The Greek maritime fleet is today engaged in commerce and transportation of goods and services universally. It consists of the merchant vessels owned by Greek civilians, flying either the Greek flag or a flag of convenience.

Greece is a maritime nation by tradition, as shipping is arguably the oldest form of occupation of the Greeks and a key element of Greek economic activity since ancient times. In 2015, the Greek Merchant Marine controlled the world's largest merchant fleet in terms of tonnage with a total DWT of 334,649,089 tons and a fleet of 5,226 Greek owned vessels, according to Lloyd's List. Greece is also ranked highly regarding all types of ships, including first for tankers and bulk carriers.

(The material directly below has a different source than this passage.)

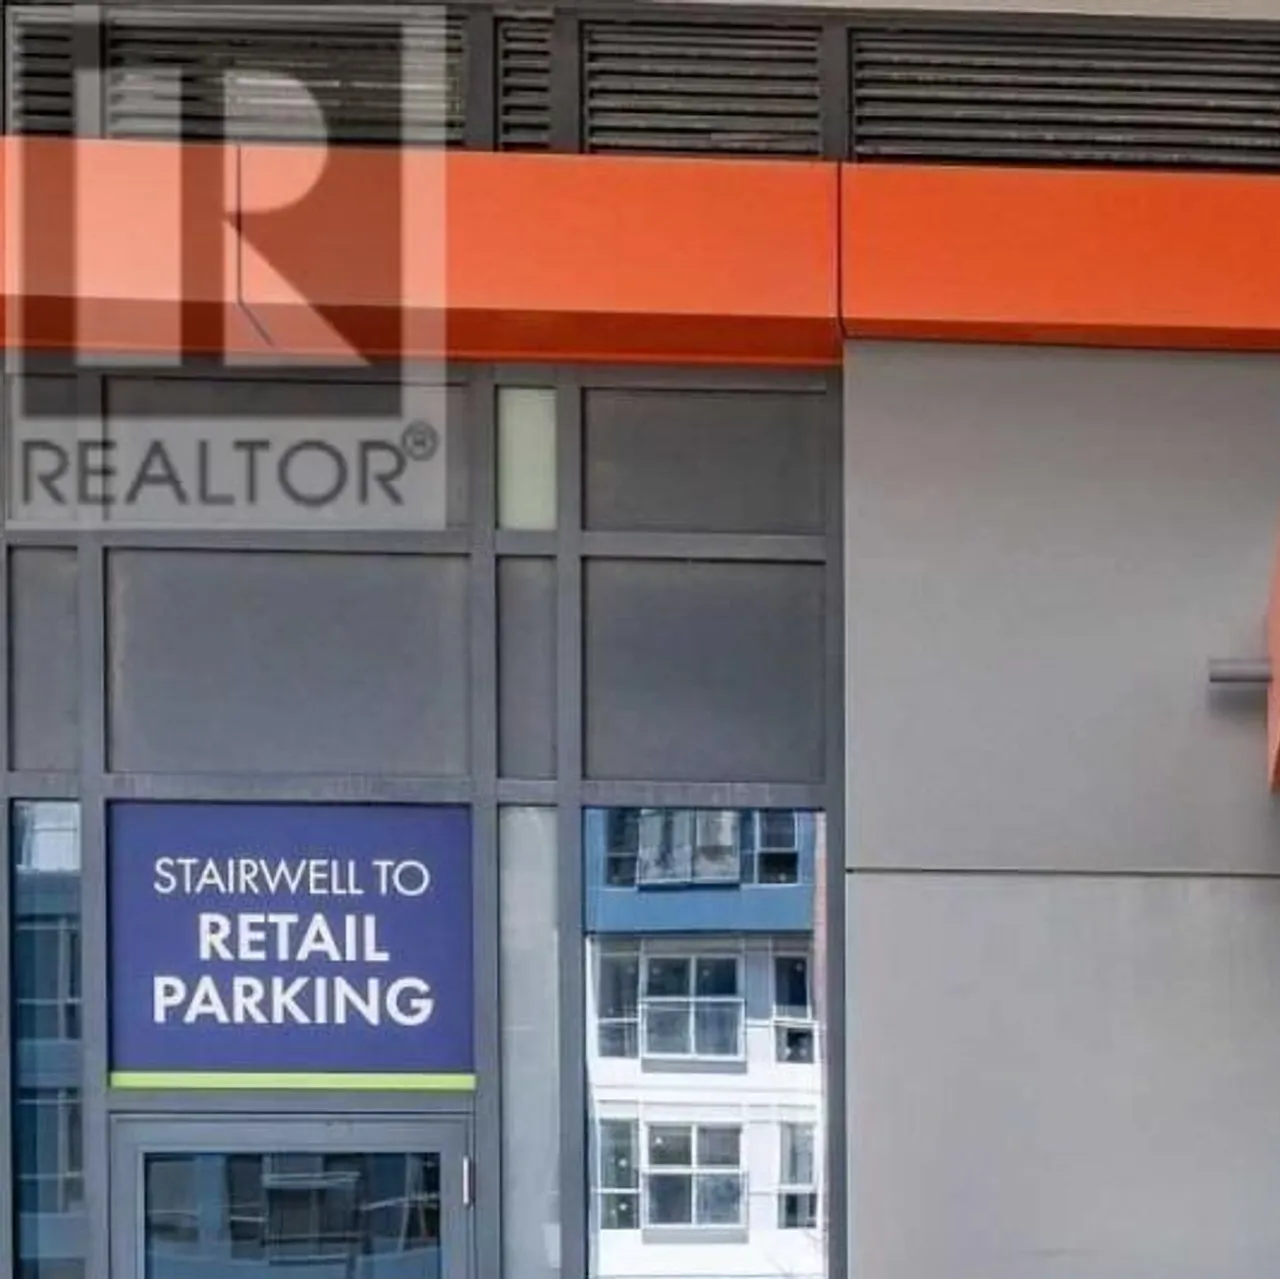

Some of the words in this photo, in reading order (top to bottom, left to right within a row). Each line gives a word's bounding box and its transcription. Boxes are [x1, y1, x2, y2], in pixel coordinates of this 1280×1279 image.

[153, 857, 364, 895] STAIRWELL
[372, 859, 431, 897] TO
[198, 912, 391, 962] RETAIL
[152, 975, 436, 1026] PARKING

===Indian Merchant Navy===
The birth of the modern Indian Merchant Navy occurred before independence from the United Kingdom, when in 1919 SS Loyalty sailed from India to Britain.
Today, India ranks 15th in the world in terms of total DWT. India currently supplies around 12.8% of officers and around 14.5% of ratings to the world seafaring community. This is one of the highest of any country.

India has many merchant shipping companies. Some of the prominent shipping companies in India are Great Eastern Shipping, Tolani Shipping, SCI now a private company, and Seven Islands Shipping which is an ownership company.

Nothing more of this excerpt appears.